Baca Juga: Apakah Murtad Bisa Membatalkan Pernikahan Suami Istri? Simaklah Penjelasan Ulama Berikut Ini

Syekh Abu Abdillah Muhammad Ahmad Illaisy al-Maliki, salah seorang ulama terkemuka mantan Mufti negara Mesir (w 1299 H) dalam kitab Minah al-Jalil ‘Ala Mukhtashar al-‘Allamah al-Khalil, j. 9, h. 205, berkata: “Sama halnya kufur tersebut terjadi dengan kata-kata yang jelas (sharih/jelas sebagai kata-kata kufur), seperti bila ia berkata “Saya kafir kafir kepada Allah”, atau “saya kafir kepada Rasulullah”, atau “saya kafir kepada al-Qur’an”, atau ia berkata: “Tuhan ada dua”, atau berkata: “al-Masih (Nabi Isa) adalah anak Allah”, atau berkata “Uzair adalah anak Allah”, atau berkata-kata dengan ucapan yang secara nyata menunjukan dan mejadikannya jatuh dalam kufur, seperti bila ia mengingkari sesuatu yang secara syari’at telah disepakati (ijma’) yang hukumnya telah pasti diketahui oleh setiap orang Islam (Ma’lum min ad-din bi adlarurah; seperti kewajiban shalat lima waktu, haram zina, haram mencuri dan lainnya), karena dengan demikian ia telah mendustakan al-Qur’an dan mendustakan Rasulullah. Termasuk contoh kufur dalam hal ini berkeyakinan bahwa Allah adalah benda, dan atau bahwa Dia memiliki tempat dan arah. Termasuk juga berbuat dengan perbuatan yang secara nyata menunjukan dan mejadikannya jatuh dalam kufur, seperti bila ia melempar/membuang al-Qur’an (atau bagian dari al-Qur’an) di tempat yang menjijikan”.
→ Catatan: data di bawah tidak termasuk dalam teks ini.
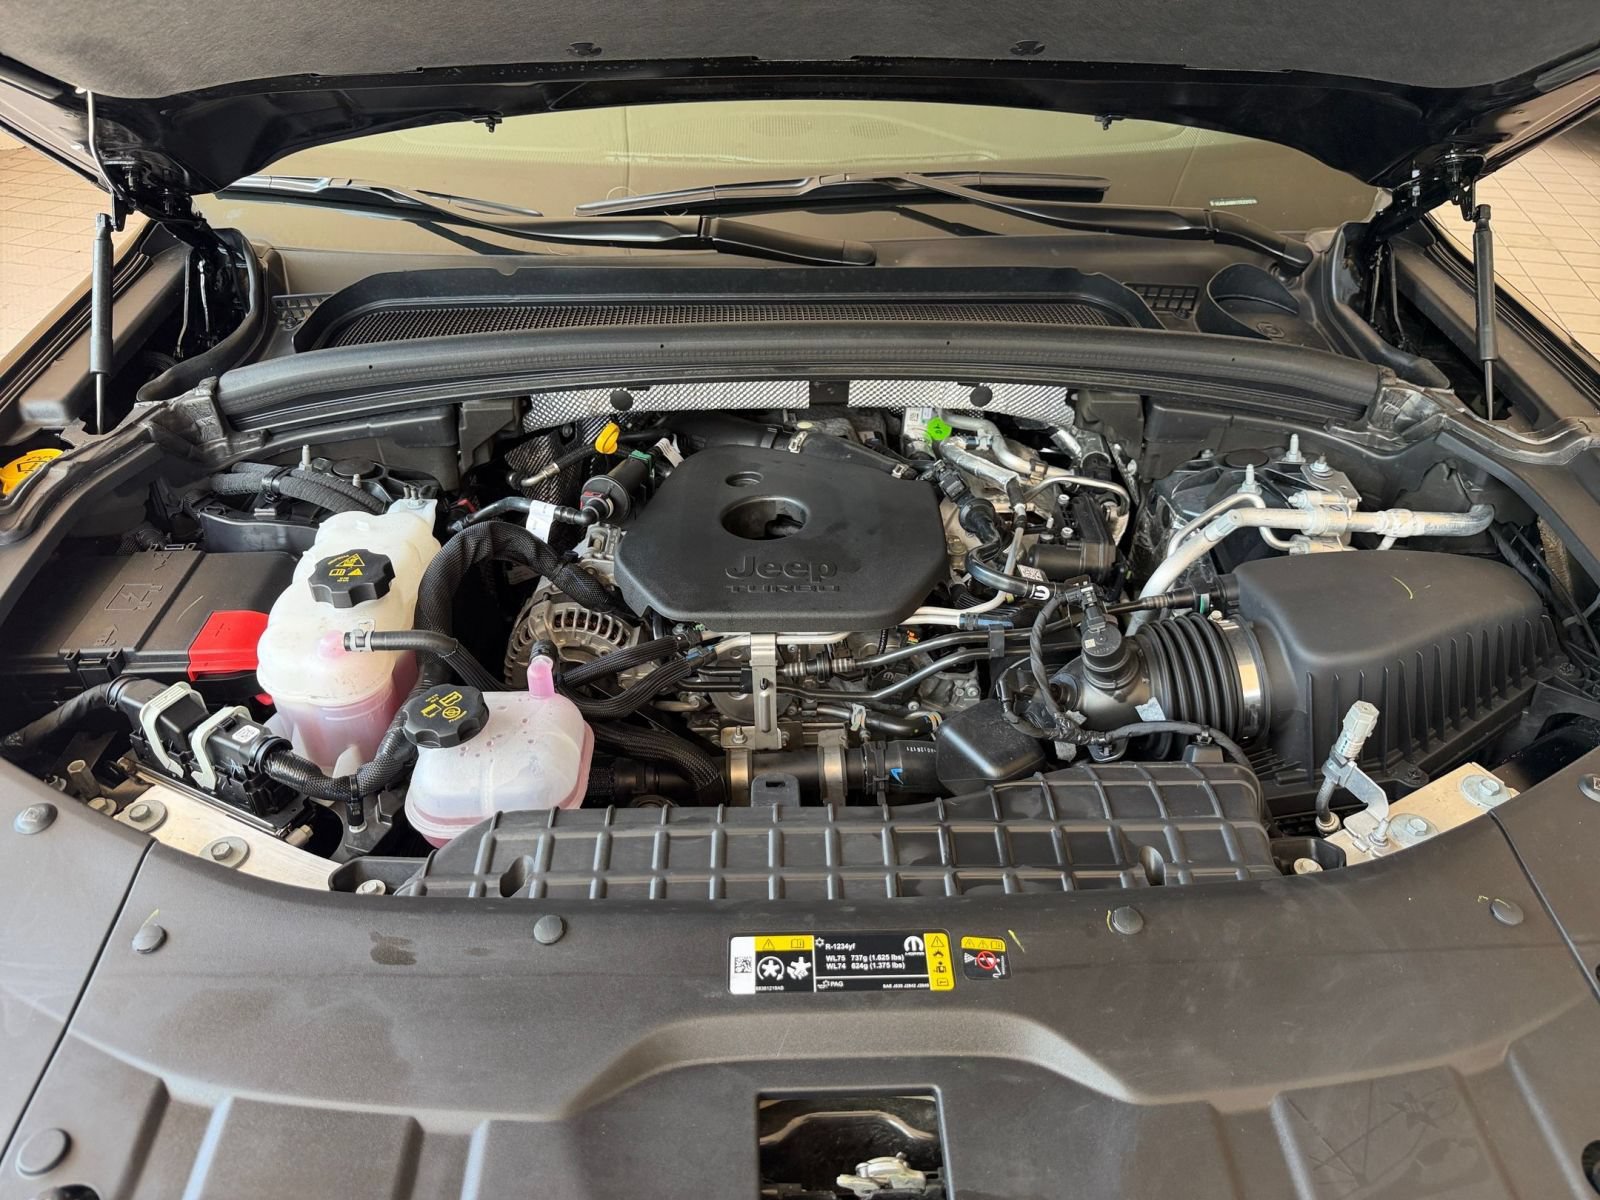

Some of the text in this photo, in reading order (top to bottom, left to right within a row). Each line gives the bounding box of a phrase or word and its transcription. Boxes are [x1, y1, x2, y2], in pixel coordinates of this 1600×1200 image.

[725, 555, 838, 583] Jeep
[850, 954, 868, 963] 737g
[891, 953, 905, 962] lbs)
[891, 961, 906, 970] lbs)
ﻭﻗﺎﻝ ﺃﻳﻀﺎ ﻓﻲ ﻓﺘﺢ ﺍﻟﻌﻠﻲ ﺍﻟﻤﺎﻟﻚ ﻓﻲ ﺍﻟﻔﺘﻮﻯ ﻋﻠﻰ ﻣﺬﻫﺐ ﺍﻹﻣﺎﻡ ﻣﺎﻟﻚ، ﺝ 2/348 : ﺱ : ﻣﺎ ﻗﻮﻟﻜﻢ ﻓﻲ ﺭﺟﻞ ﺟﺮﻯ ﻋﻠﻰ ﻟﺴﺎﻧﻪ ﺳﺐ ﺍﻟﺪﻳﻦ ‏( ﺃﻱ ﺩﻳﻦ ﺍﻹﺳﻼﻡ ‏) ﻣﻦ ﻏﻴﺮ ﻗﺼﺪ ‏( ﺃﻱ ﻣﻦ ﻏﻴﺮ ﻗﺼﺪ ﺍﻟﺨﺮﻭﺝ ﻣﻦ ﺍﻟﺪﻳﻦ ‏) ﻫﻞ ﻳﻜﻔﺮ ؟ ﻓﺄﺟﺒﺖ ﺑﻤﺎ ﻧﺼﻪ : ﺍﻟﺤﻤﺪ ﻟﻠﻪ ﻭﺍﻟﺼﻼﺓ ﻭﺍﻟﺴﻼﻡ ﻋﻠﻰ ﺳﻴﺪﻧﺎ ﻣﺤﻤﺪ ﺭﺳﻮﻝ ﺍﻟﻠﻪ، ﻧﻌﻢ ﺍﺭﺗﺪ، ﻭﻓﻲ ﺍﻟﻤﺠﻤﻮﻉ ﻭﻻ ﻳﻌﺬﺭ ﺑﺠﻬﻞ . ﺍﻫـ

Syekh Muhammad Illaisy dalam kitab Fath al-‘Aliy al-Malik Fi al-Fatwa ‘Ala Madzhab al-Imam Malik, j. 2, h. 348, juga berkata: “Soal: Apa pendapat tuan tentang seseorang yang dengan lidahnya mengucapkan kata-kata cacian terhadap agama (agama Islam) tanpa ia bertujuan untuk keluar dari Islam itu sendiri, apakah karenanya ia menjadi kafir? Aku Jawab; –Segala puji bagi Allah, shalawat dalam semoga selalu tercurah atas tuan kita; Muhammad Rasulullah–, Benar, orang itu tersebut telah menjadi kafir. Dan dalam kitab al-Majmu’ disebutkan bahwa seseorang tidak dimaafkan walaupun ia bodoh –dalam msalah ini–”.